---------- Task data

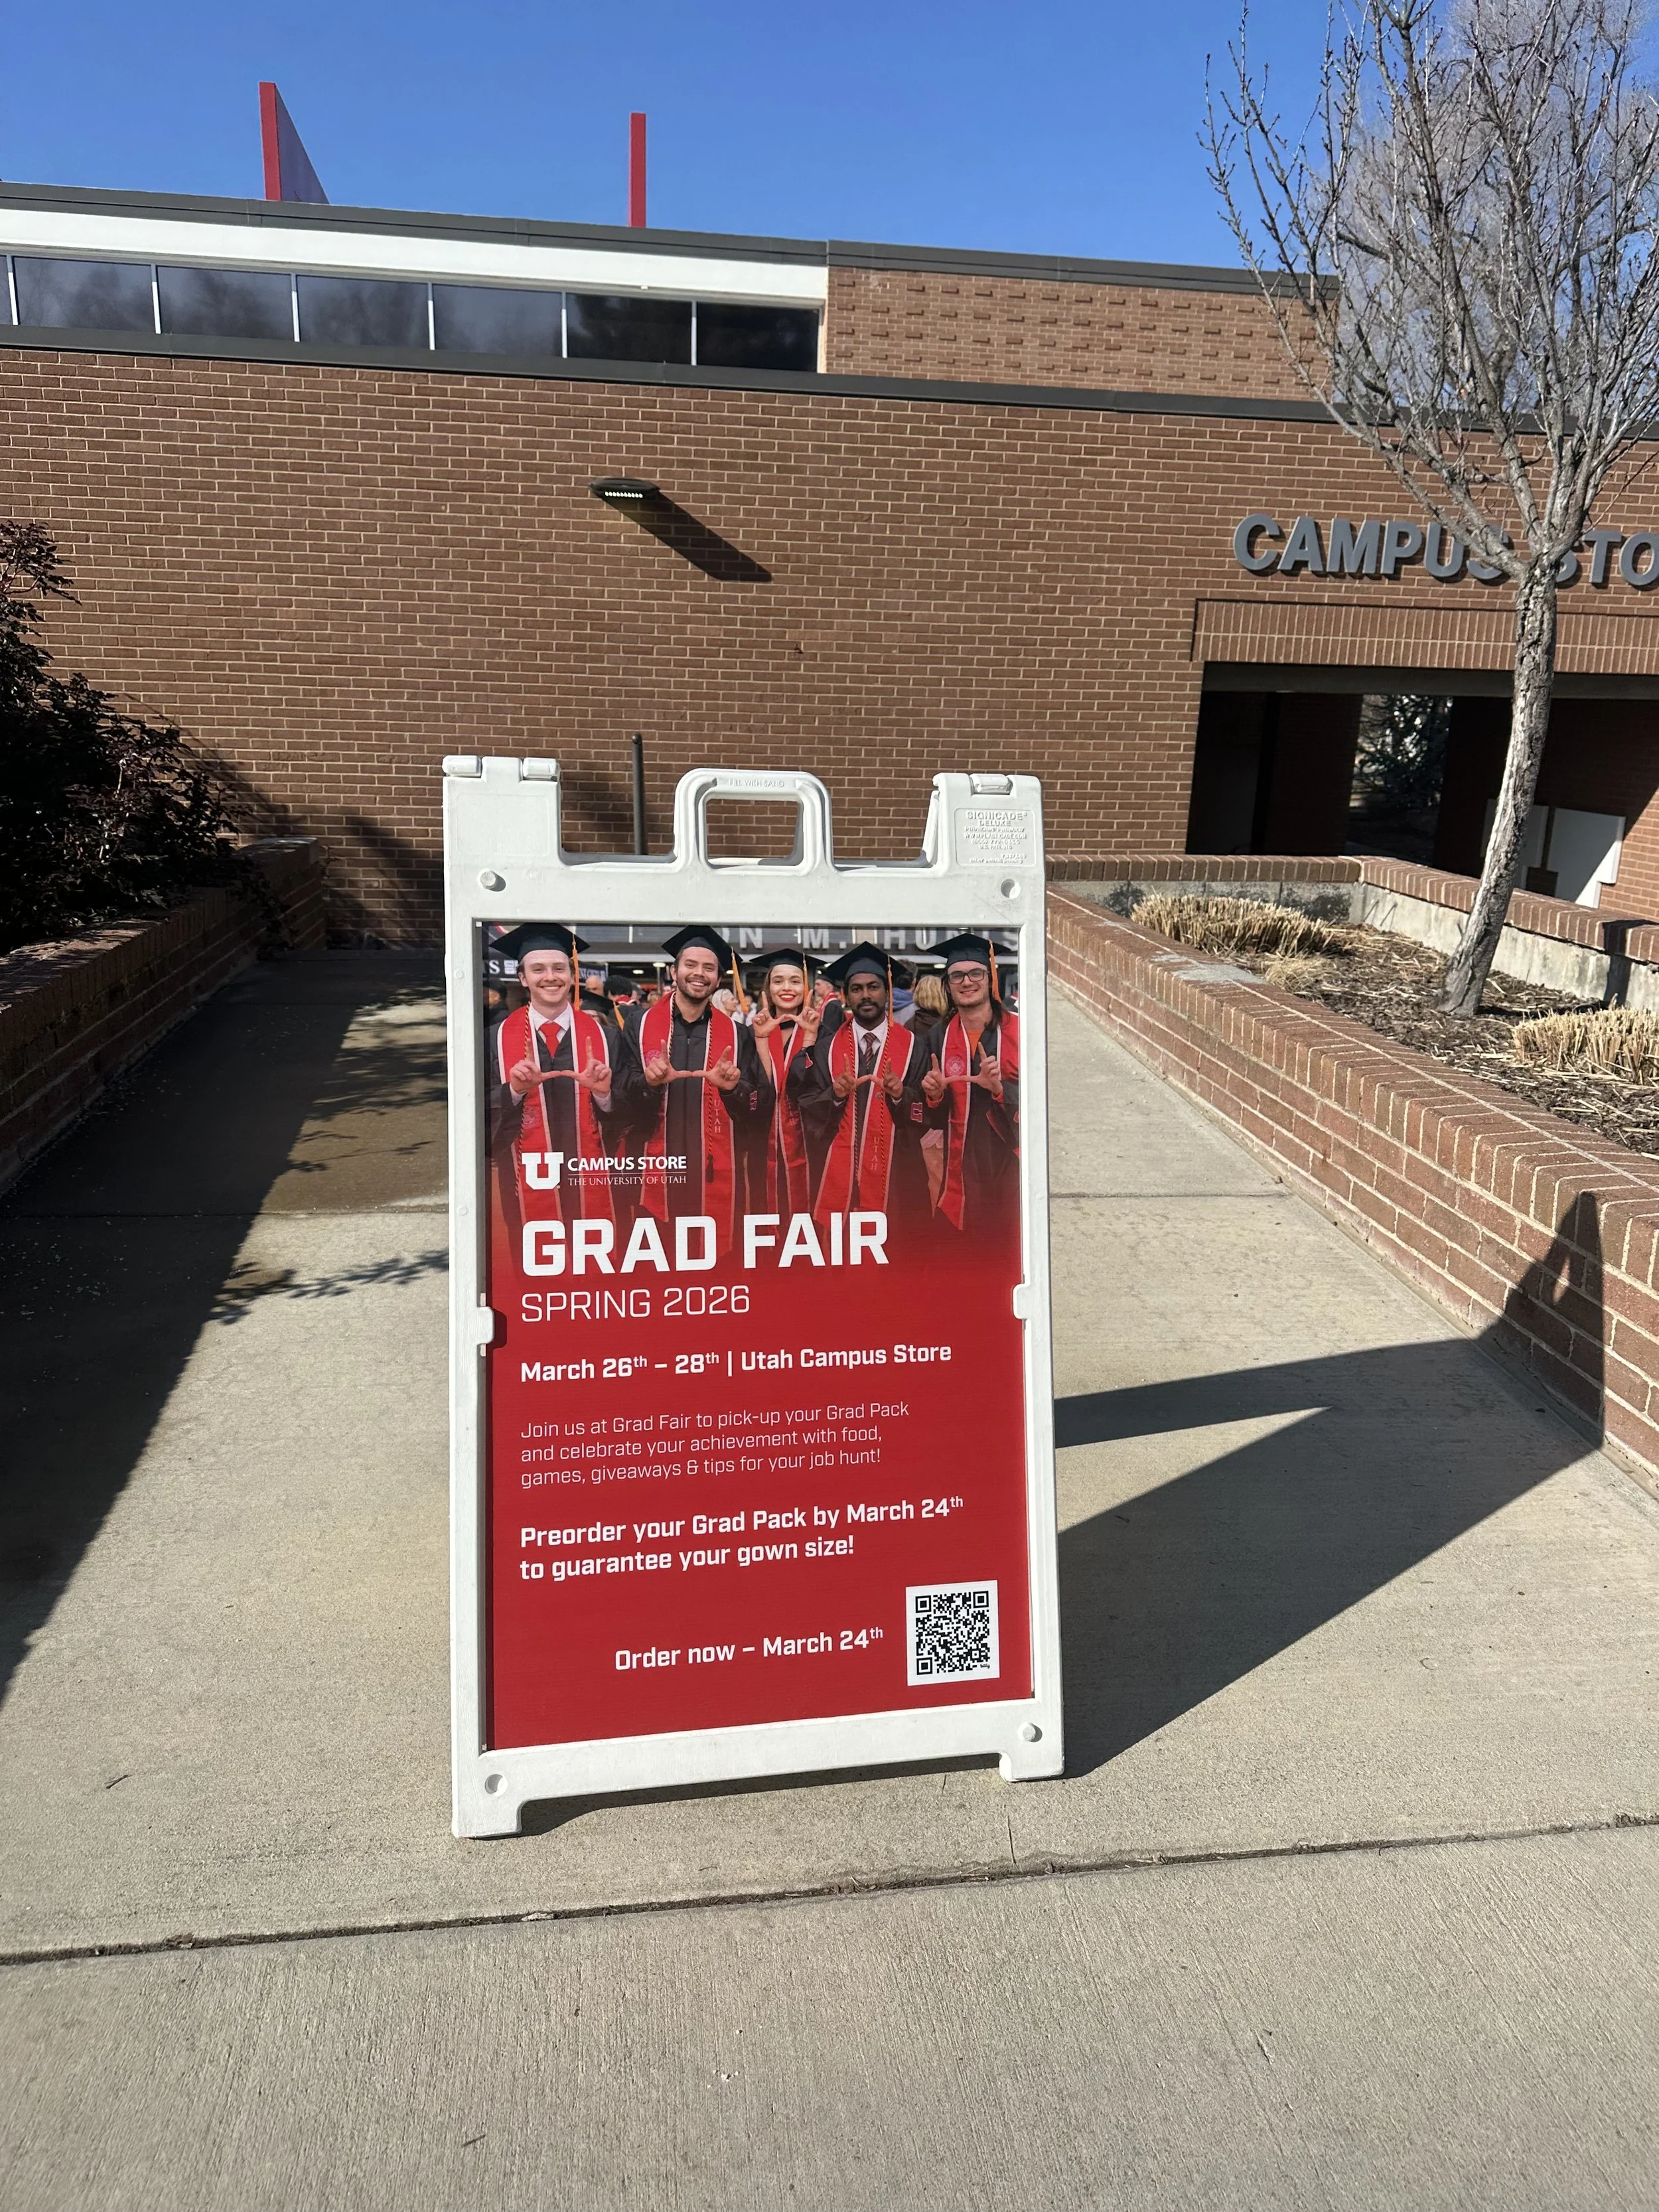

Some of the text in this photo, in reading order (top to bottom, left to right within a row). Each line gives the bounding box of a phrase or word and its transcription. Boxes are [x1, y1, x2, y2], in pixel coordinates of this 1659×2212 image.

[802, 928, 847, 949] M.
[522, 1152, 564, 1189] U
[567, 1155, 687, 1171] CAMPUS STORE
[870, 1136, 881, 1171] UTAH
[568, 1177, 587, 1186] THE
[589, 1176, 644, 1185] UNIVERSITY
[661, 1175, 687, 1184] UTAH
[522, 1211, 889, 1277] GRAD FAIR
[522, 1286, 750, 1323] SPRING 2026
[521, 1359, 595, 1382] March
[603, 1356, 648, 1379] 26th
[675, 1352, 719, 1374] 28th
[741, 1349, 793, 1372] Utah
[800, 1349, 887, 1370] Campus
[893, 1344, 952, 1364] Store
[521, 1401, 909, 1438] Join us at Grad Fair to pick-up your Grad Pack
[521, 1426, 882, 1462] and celebrate your achievement with food,
[521, 1449, 880, 1491] games, giveaways & tips for your job hunt!
[521, 1496, 964, 1548] Preorder your Grad Pack by March 24th
[519, 1534, 854, 1582] to guarantee your gown size!
[615, 1646, 682, 1670] Order
[688, 1644, 736, 1664] now
[763, 1632, 833, 1657] March
[839, 1627, 883, 1651] 24th

--------------------

Exercise objective: Each entry above should be written out verbatim, minus its pictures.

Response for this exercise:
Some of the text in this photo, in reading order (top to bottom, left to right within a row). Each line gives the bounding box of a phrase or word and its transcription. Boxes are [x1, y1, x2, y2], in pixel coordinates of this 1659×2212 image.

[802, 928, 847, 949] M.
[522, 1152, 564, 1189] U
[567, 1155, 687, 1171] CAMPUS STORE
[870, 1136, 881, 1171] UTAH
[568, 1177, 587, 1186] THE
[589, 1176, 644, 1185] UNIVERSITY
[661, 1175, 687, 1184] UTAH
[522, 1211, 889, 1277] GRAD FAIR
[522, 1286, 750, 1323] SPRING 2026
[521, 1359, 595, 1382] March
[603, 1356, 648, 1379] 26th
[675, 1352, 719, 1374] 28th
[741, 1349, 793, 1372] Utah
[800, 1349, 887, 1370] Campus
[893, 1344, 952, 1364] Store
[521, 1401, 909, 1438] Join us at Grad Fair to pick-up your Grad Pack
[521, 1426, 882, 1462] and celebrate your achievement with food,
[521, 1449, 880, 1491] games, giveaways & tips for your job hunt!
[521, 1496, 964, 1548] Preorder your Grad Pack by March 24th
[519, 1534, 854, 1582] to guarantee your gown size!
[615, 1646, 682, 1670] Order
[688, 1644, 736, 1664] now
[763, 1632, 833, 1657] March
[839, 1627, 883, 1651] 24th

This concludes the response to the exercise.